Exact reproduction of all the entries is required, without any of their pictures.

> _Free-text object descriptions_
-=-=-=-=-

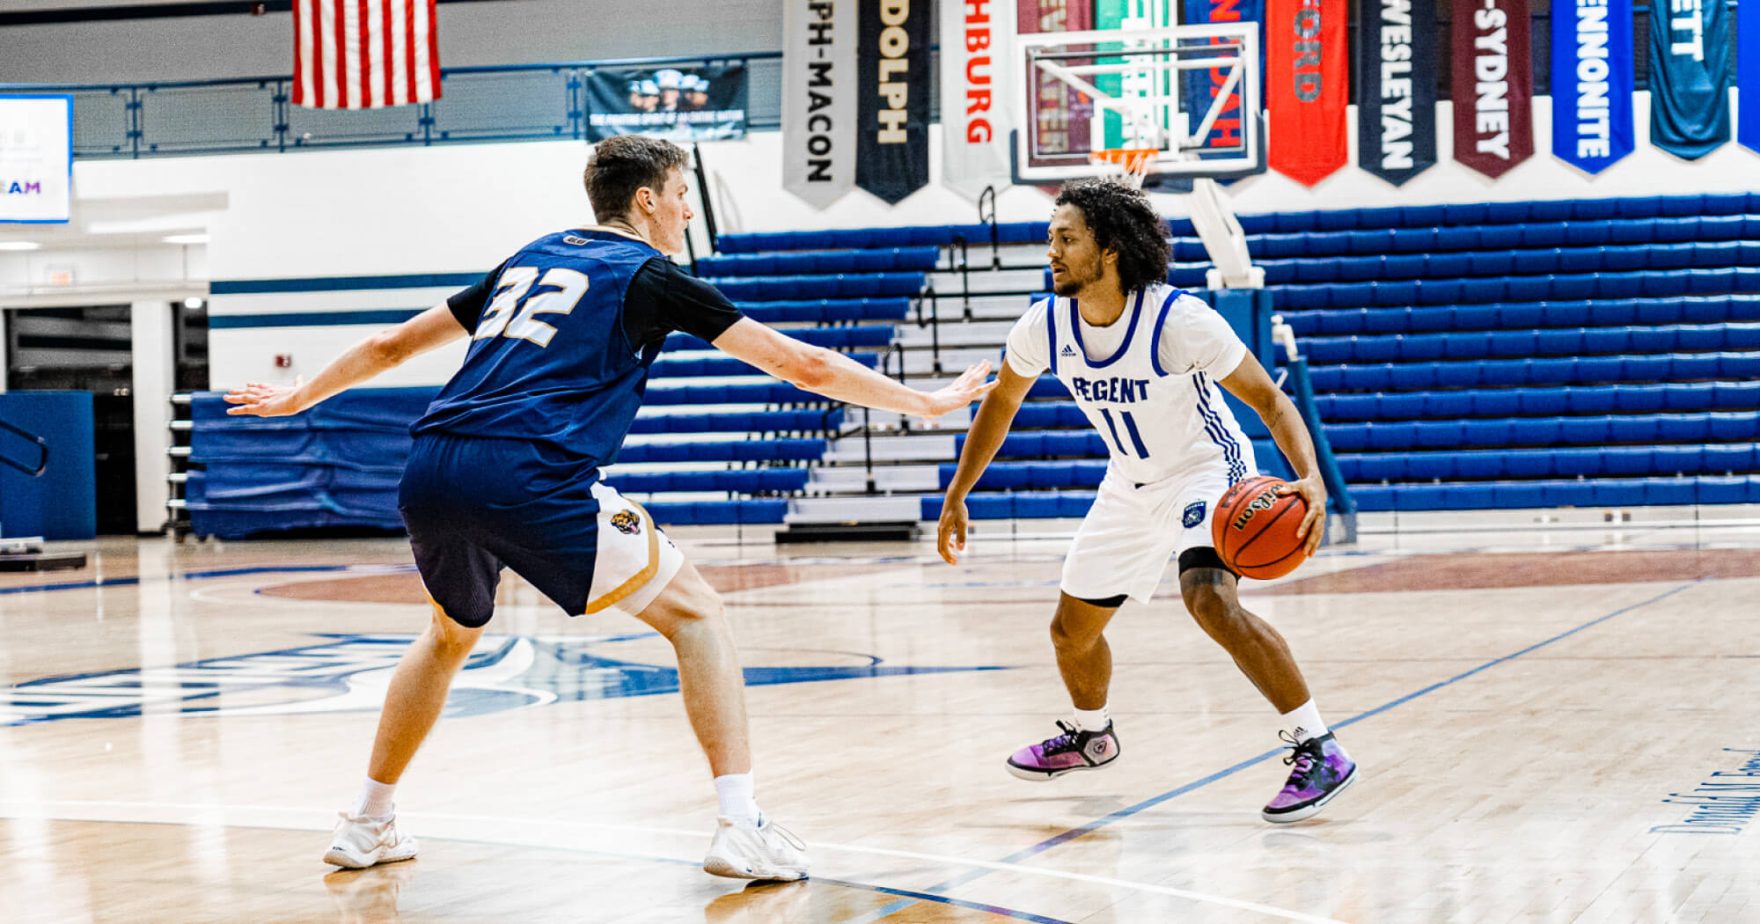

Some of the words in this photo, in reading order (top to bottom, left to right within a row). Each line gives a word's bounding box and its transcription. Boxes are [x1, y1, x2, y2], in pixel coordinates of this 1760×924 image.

[808, 0, 834, 182] PH-MACON
[877, 0, 909, 143] DOLPH
[965, 0, 992, 144] HBURG
[1381, 0, 1413, 169] WESLEYAN
[1474, 0, 1510, 160] -SYDNEY
[473, 266, 590, 348] 32
[1072, 377, 1150, 403] REGENT
[1097, 408, 1150, 460] 11

-=-=-=-=-

> _Response to the exercise_
Some of the words in this photo, in reading order (top to bottom, left to right within a row). Each line gives a word's bounding box and its transcription. Boxes are [x1, y1, x2, y2], in pixel coordinates of this 1760×924 image.

[808, 0, 834, 182] PH-MACON
[877, 0, 909, 143] DOLPH
[965, 0, 992, 144] HBURG
[1381, 0, 1413, 169] WESLEYAN
[1474, 0, 1510, 160] -SYDNEY
[473, 266, 590, 348] 32
[1072, 377, 1150, 403] REGENT
[1097, 408, 1150, 460] 11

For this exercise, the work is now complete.